(Dataset items)
=====

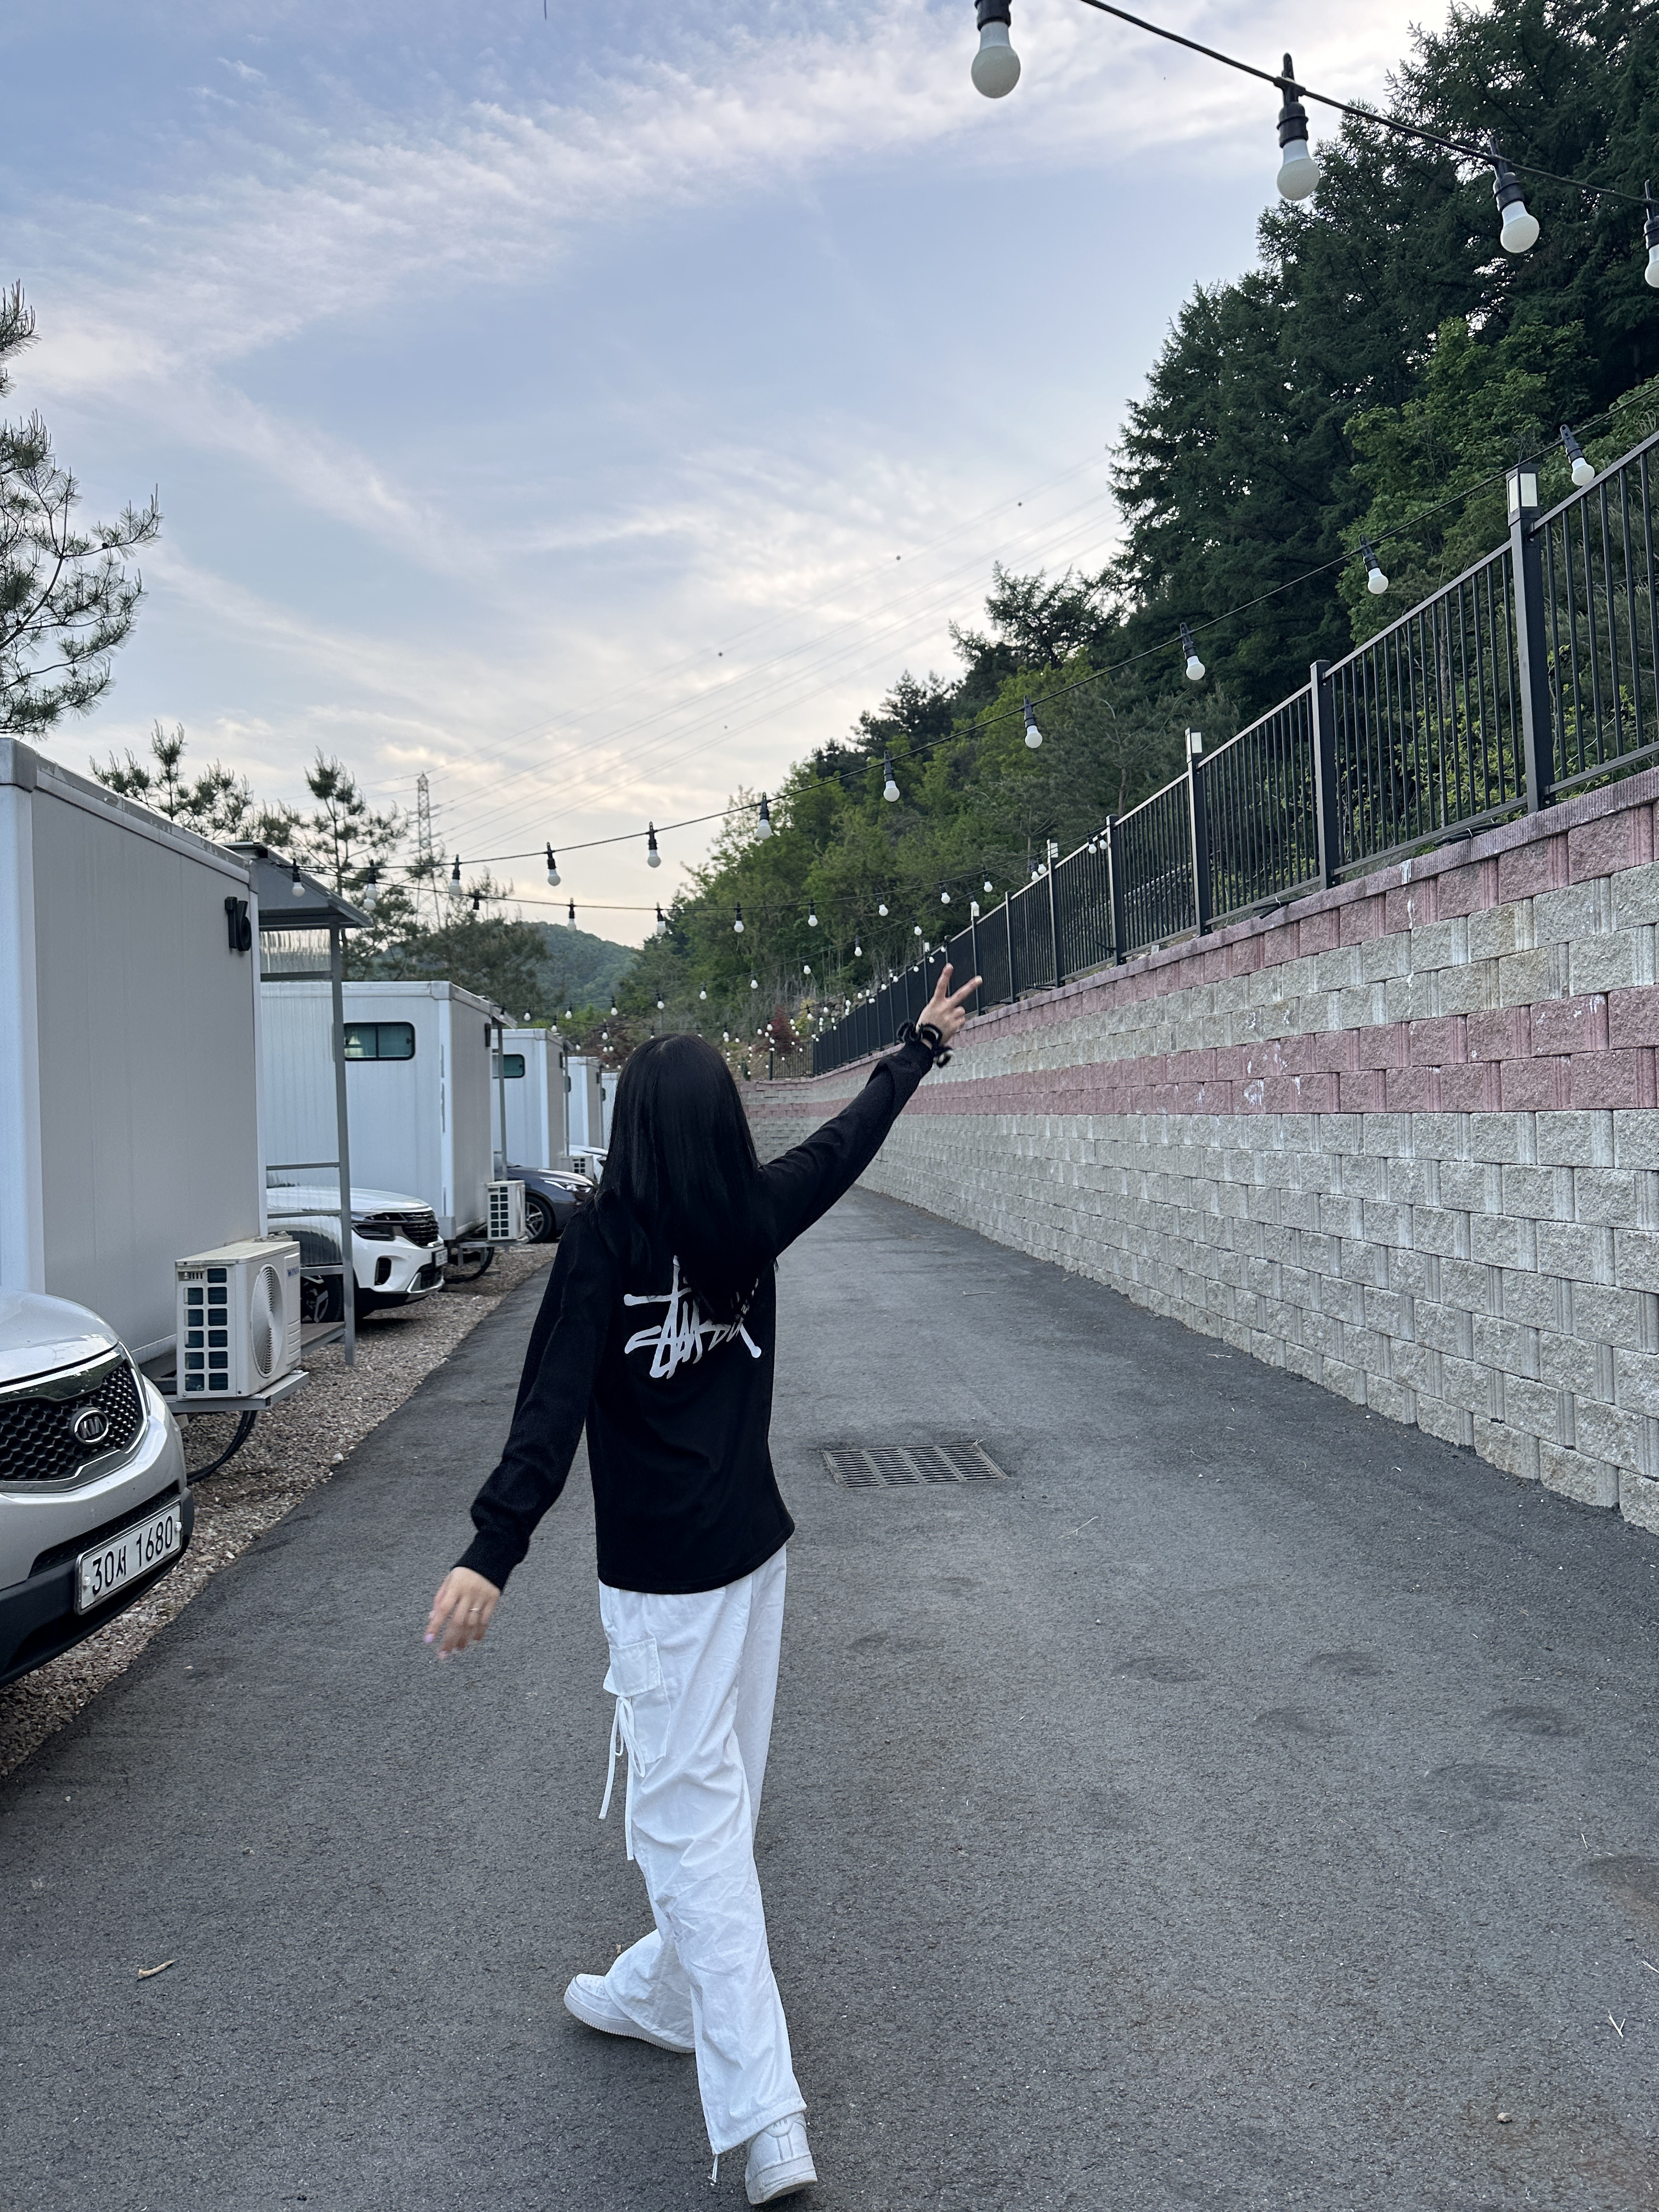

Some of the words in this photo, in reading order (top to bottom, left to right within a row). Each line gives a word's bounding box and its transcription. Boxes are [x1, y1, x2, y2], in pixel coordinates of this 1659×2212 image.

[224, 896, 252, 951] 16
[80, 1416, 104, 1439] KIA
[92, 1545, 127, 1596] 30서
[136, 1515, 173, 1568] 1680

=====

WORK INSTRUCTION – Return all entries preceding this task exactly as they stand, leaving any picture out.

EXPECTED ANSWER –
Some of the words in this photo, in reading order (top to bottom, left to right within a row). Each line gives a word's bounding box and its transcription. Boxes are [x1, y1, x2, y2], in pixel coordinates of this 1659×2212 image.

[224, 896, 252, 951] 16
[80, 1416, 104, 1439] KIA
[92, 1545, 127, 1596] 30서
[136, 1515, 173, 1568] 1680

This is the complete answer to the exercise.